> **Available data**:
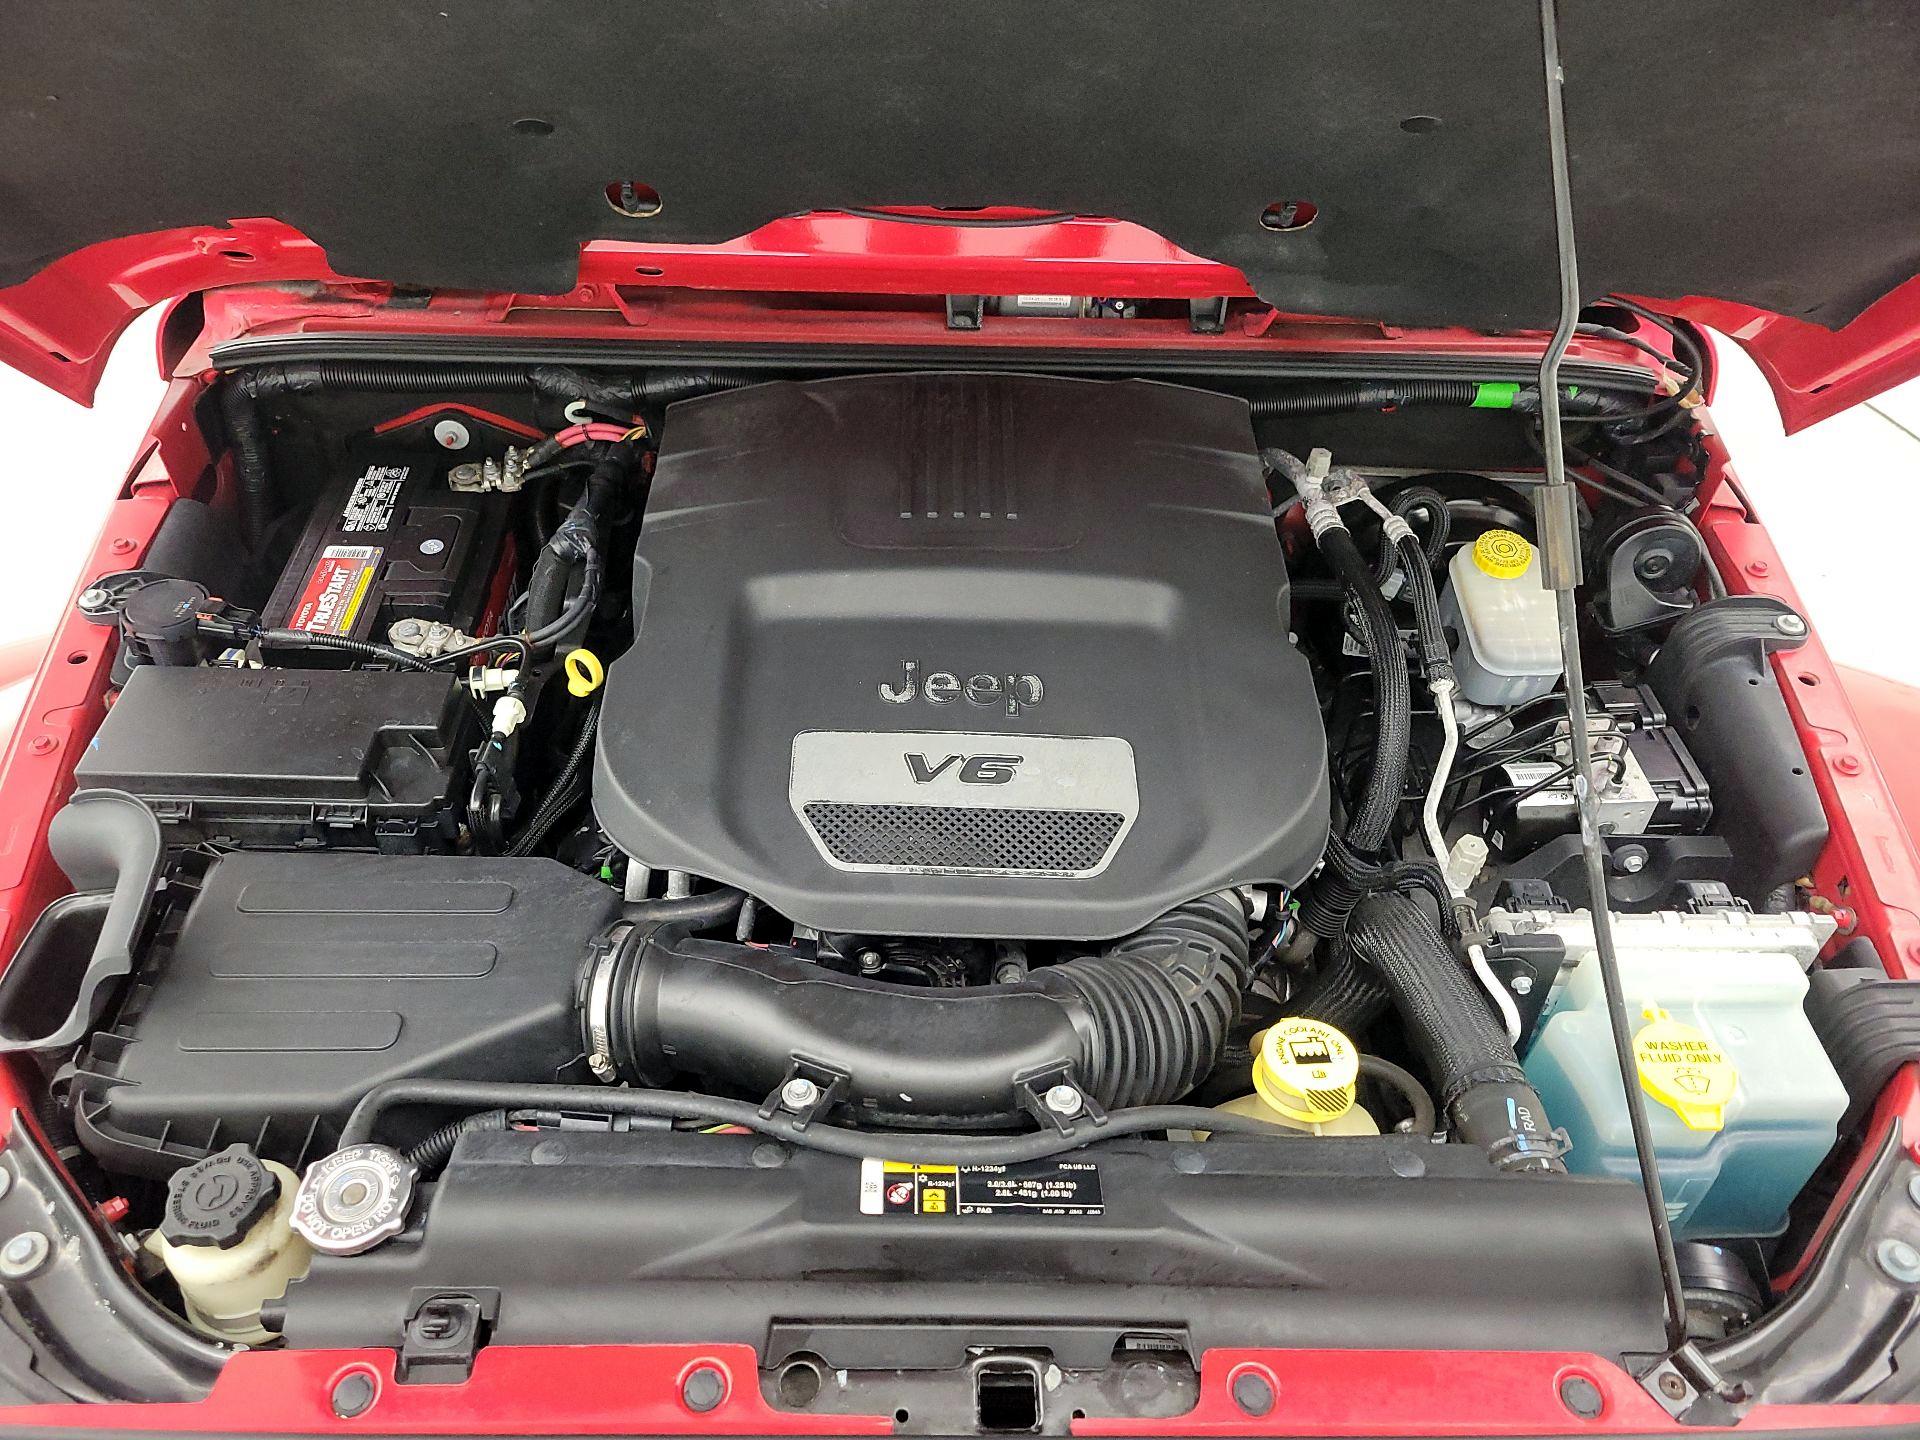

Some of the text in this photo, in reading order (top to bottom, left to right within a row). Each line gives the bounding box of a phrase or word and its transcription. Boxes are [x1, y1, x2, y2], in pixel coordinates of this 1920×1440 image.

[296, 602, 314, 628] TOYOTA
[878, 659, 1044, 718] Jeep
[903, 752, 1024, 785] V6
[1283, 1025, 1331, 1039] COOLANT
[1640, 1053, 1722, 1063] FLUID ONLY
[1644, 1041, 1709, 1051] WASHER
[1517, 1106, 1537, 1132] RAD
[321, 1149, 363, 1174] KEEP
[173, 1156, 231, 1230] POWER STEERING FLUID
[300, 1194, 399, 1239] DO NOT OPEN HOT

> **Exercise goal**: Type the lines above out again exactly as they appear, skipping every picture.

> **Response box**:
Some of the text in this photo, in reading order (top to bottom, left to right within a row). Each line gives the bounding box of a phrase or word and its transcription. Boxes are [x1, y1, x2, y2], in pixel coordinates of this 1920×1440 image.

[296, 602, 314, 628] TOYOTA
[878, 659, 1044, 718] Jeep
[903, 752, 1024, 785] V6
[1283, 1025, 1331, 1039] COOLANT
[1640, 1053, 1722, 1063] FLUID ONLY
[1644, 1041, 1709, 1051] WASHER
[1517, 1106, 1537, 1132] RAD
[321, 1149, 363, 1174] KEEP
[173, 1156, 231, 1230] POWER STEERING FLUID
[300, 1194, 399, 1239] DO NOT OPEN HOT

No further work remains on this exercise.